Collected data entries

☆ ☆ ☆ ☆

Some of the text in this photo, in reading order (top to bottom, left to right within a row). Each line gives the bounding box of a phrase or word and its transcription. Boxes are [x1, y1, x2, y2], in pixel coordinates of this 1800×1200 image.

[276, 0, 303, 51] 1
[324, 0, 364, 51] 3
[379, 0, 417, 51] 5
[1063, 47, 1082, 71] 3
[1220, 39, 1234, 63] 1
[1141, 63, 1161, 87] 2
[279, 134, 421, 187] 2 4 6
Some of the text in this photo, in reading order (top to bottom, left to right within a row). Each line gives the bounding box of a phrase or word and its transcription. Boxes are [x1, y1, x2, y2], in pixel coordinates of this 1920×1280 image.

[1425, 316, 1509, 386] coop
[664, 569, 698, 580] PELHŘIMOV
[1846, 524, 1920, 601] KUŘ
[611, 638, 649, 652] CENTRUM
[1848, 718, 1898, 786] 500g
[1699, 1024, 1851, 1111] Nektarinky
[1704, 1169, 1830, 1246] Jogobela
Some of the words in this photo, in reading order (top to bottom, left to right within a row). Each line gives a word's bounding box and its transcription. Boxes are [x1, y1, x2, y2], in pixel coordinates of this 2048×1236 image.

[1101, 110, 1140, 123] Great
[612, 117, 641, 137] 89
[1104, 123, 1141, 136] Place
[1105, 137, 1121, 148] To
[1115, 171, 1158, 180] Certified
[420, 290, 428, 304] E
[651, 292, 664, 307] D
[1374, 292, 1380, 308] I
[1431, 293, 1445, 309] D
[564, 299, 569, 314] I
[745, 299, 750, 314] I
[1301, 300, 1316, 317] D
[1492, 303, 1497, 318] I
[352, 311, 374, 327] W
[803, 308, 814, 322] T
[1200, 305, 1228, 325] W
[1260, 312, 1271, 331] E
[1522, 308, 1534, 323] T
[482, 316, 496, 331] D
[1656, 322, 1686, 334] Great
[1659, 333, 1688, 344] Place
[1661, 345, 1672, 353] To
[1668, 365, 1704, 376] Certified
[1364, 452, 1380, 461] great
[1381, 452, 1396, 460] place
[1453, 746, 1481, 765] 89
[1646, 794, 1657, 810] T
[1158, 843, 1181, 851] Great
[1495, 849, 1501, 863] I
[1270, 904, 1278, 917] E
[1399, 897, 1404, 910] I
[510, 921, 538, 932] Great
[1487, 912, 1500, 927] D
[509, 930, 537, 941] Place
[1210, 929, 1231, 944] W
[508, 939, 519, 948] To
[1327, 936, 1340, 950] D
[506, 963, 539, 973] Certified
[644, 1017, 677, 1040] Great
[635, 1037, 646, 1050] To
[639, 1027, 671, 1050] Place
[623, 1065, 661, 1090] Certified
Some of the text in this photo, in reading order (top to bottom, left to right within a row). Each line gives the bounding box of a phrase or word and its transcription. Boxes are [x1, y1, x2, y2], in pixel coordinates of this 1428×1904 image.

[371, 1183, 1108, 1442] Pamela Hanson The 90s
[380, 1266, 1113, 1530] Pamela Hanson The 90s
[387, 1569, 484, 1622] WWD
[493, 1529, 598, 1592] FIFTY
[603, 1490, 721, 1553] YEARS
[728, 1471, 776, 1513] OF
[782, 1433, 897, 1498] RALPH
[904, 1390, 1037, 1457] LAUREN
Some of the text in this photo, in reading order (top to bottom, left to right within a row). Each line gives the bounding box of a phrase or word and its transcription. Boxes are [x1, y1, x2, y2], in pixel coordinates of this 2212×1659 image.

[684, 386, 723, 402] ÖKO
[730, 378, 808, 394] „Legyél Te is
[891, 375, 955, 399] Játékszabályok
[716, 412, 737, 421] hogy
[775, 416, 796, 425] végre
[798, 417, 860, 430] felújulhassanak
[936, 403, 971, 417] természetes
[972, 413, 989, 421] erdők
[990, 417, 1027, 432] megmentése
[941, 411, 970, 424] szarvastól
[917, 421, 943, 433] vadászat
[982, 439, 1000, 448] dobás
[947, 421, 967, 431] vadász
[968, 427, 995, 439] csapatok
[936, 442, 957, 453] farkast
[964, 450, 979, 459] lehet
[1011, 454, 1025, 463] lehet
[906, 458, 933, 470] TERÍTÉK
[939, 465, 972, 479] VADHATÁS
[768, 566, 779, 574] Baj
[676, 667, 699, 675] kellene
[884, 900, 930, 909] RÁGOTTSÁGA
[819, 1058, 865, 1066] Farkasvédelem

☆ ☆ ☆ ☆

**PROBLEM TO SOLVE**:
Give the lines from the one containing "this 2212×1659 image." through the end of the entries again, exactly as written and with no other lines.

**REPLY**:
Some of the text in this photo, in reading order (top to bottom, left to right within a row). Each line gives the bounding box of a phrase or word and its transcription. Boxes are [x1, y1, x2, y2], in pixel coordinates of this 2212×1659 image.

[684, 386, 723, 402] ÖKO
[730, 378, 808, 394] „Legyél Te is
[891, 375, 955, 399] Játékszabályok
[716, 412, 737, 421] hogy
[775, 416, 796, 425] végre
[798, 417, 860, 430] felújulhassanak
[936, 403, 971, 417] természetes
[972, 413, 989, 421] erdők
[990, 417, 1027, 432] megmentése
[941, 411, 970, 424] szarvastól
[917, 421, 943, 433] vadászat
[982, 439, 1000, 448] dobás
[947, 421, 967, 431] vadász
[968, 427, 995, 439] csapatok
[936, 442, 957, 453] farkast
[964, 450, 979, 459] lehet
[1011, 454, 1025, 463] lehet
[906, 458, 933, 470] TERÍTÉK
[939, 465, 972, 479] VADHATÁS
[768, 566, 779, 574] Baj
[676, 667, 699, 675] kellene
[884, 900, 930, 909] RÁGOTTSÁGA
[819, 1058, 865, 1066] Farkasvédelem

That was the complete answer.